La vida se hace de lo que cada día la conforma, no de lo que pasa de vez en cuando o de lo que excepcionalmente sucede.

Esta es una consideración que expresada más o menos de este modo escuché de niño muchas veces, y me parece que encierra la más lejana constatación que pudiera recordar sobre el hábito de vivir o cómo se asume la inveterada costumbre de hacerlo.

Obviamente se asume tomando conciencia y adquiriendo la convicción de que es así, de que lo que conforma la existencia es la sustancia cotidiana, y probablemente esa conformación contiene sin remedio la conformidad precisa.

Si la vida se hace de lo que cada día la conforma no es disparatado advertir que tal conformación irradia cierta constancia de lo mismo, ya que el avatar diario y el afán de cada día, se parecen: hay una identidad en lo común, las jornadas iguales son la mejor imagen de esa vida conformada.

FICHA

  • Título: Voces del espejo
  • Autor: Luis Mateo Díez
  • Género: Relatos
  • Editorial: Fondo de Cultura Económica
  • Páginas: 219

La acumulación y la repetición de lo que sucede, la materia de dicha conformidad es el sostén de la rutina, si entendemos que la rutina es la costumbre inveterada de asumir lo que hacemos diariamente, una especie de inconsciencia que nos lleva y nos trae por el mismo conducto, como si fuéramos y viniéramos en igual viaje de la mañana a la noche.

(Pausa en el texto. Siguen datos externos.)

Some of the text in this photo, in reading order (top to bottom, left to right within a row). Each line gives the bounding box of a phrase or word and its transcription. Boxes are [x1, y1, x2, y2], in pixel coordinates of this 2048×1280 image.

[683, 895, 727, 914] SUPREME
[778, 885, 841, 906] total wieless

La del viaje es siempre una buena metáfora para todo lo que a la vida se refiere, aunque con frecuencia se tiene la sensación de que el viaje más habitual, más vivido, es el que no nos lleva a ningún sitio y como mucho nos proporciona la emoción pasajera de que nada pasa.

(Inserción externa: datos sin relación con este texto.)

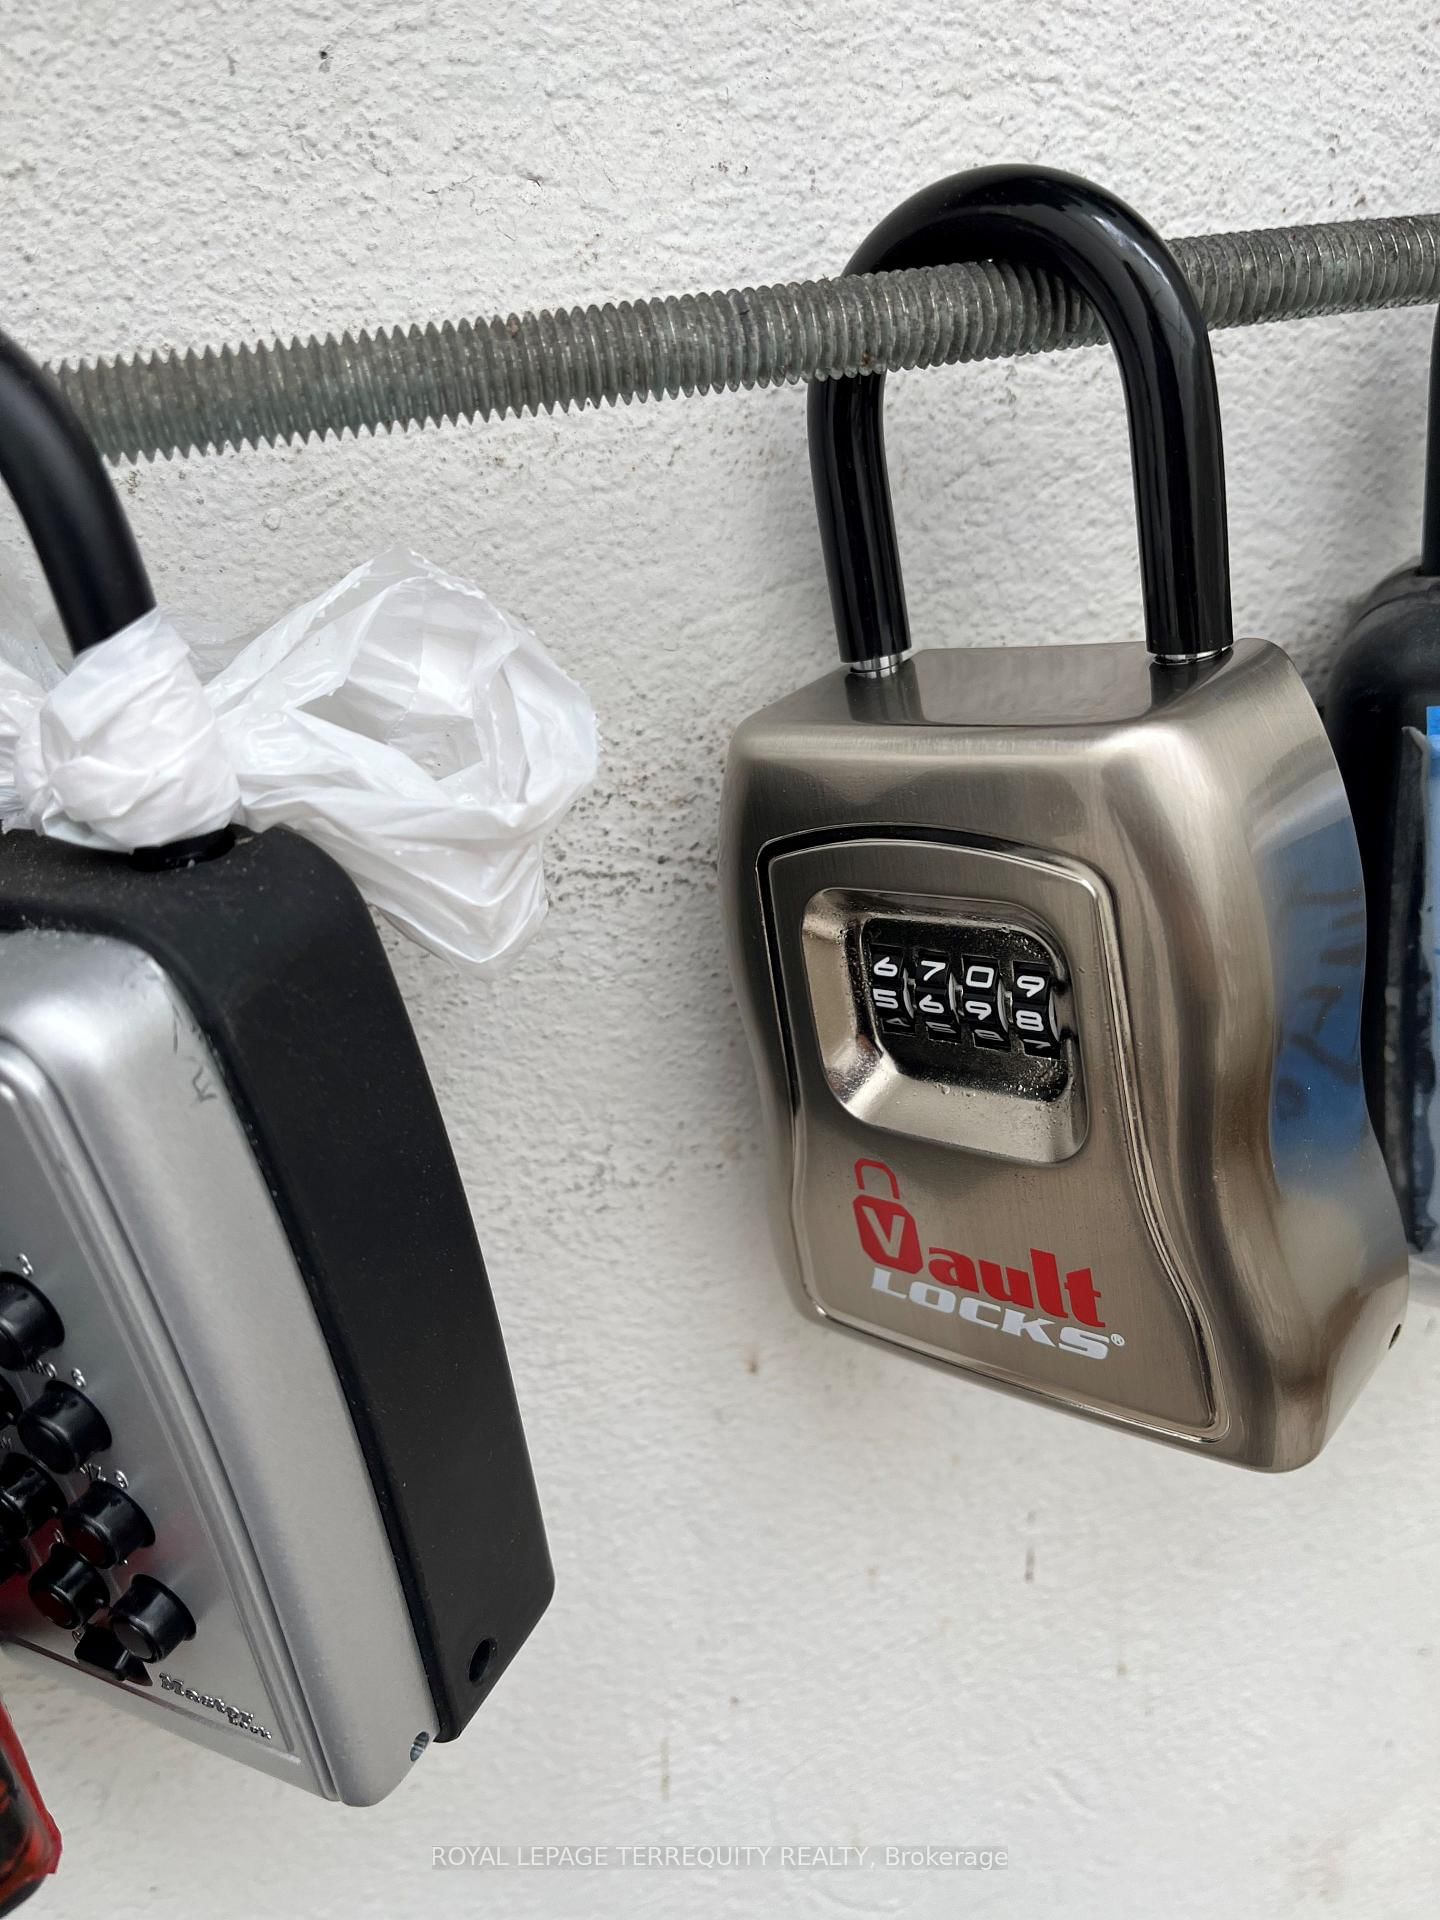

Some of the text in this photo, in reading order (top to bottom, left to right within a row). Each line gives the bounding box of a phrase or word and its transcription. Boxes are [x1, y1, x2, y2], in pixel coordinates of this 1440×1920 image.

[873, 956, 898, 977] 6
[921, 960, 946, 981] 7
[1017, 975, 1045, 998] 9
[873, 988, 1044, 1032] 5 6 9 8
[853, 1194, 1105, 1328] Vault

Ese viaje a ninguna parte es el que más condiciona nuestra existencia, y el mejor viaje a ninguna parte es el que ni siquiera se hace, probablemente porque la mejor manera de ir a ninguna parte es ir siempre al mismo sitio, o quedarnos donde estamos. Vamos al mismo sitio o nos quedamos donde estamos porque hacemos lo mismo: la rutina es el salvoconducto de nuestra conformidad.

Pero la conformidad no implica necesariamente resignación, el hábito de la vida no tiene por qué ser una aceptación estricta de lo que se vive, una forma derrotada de existir.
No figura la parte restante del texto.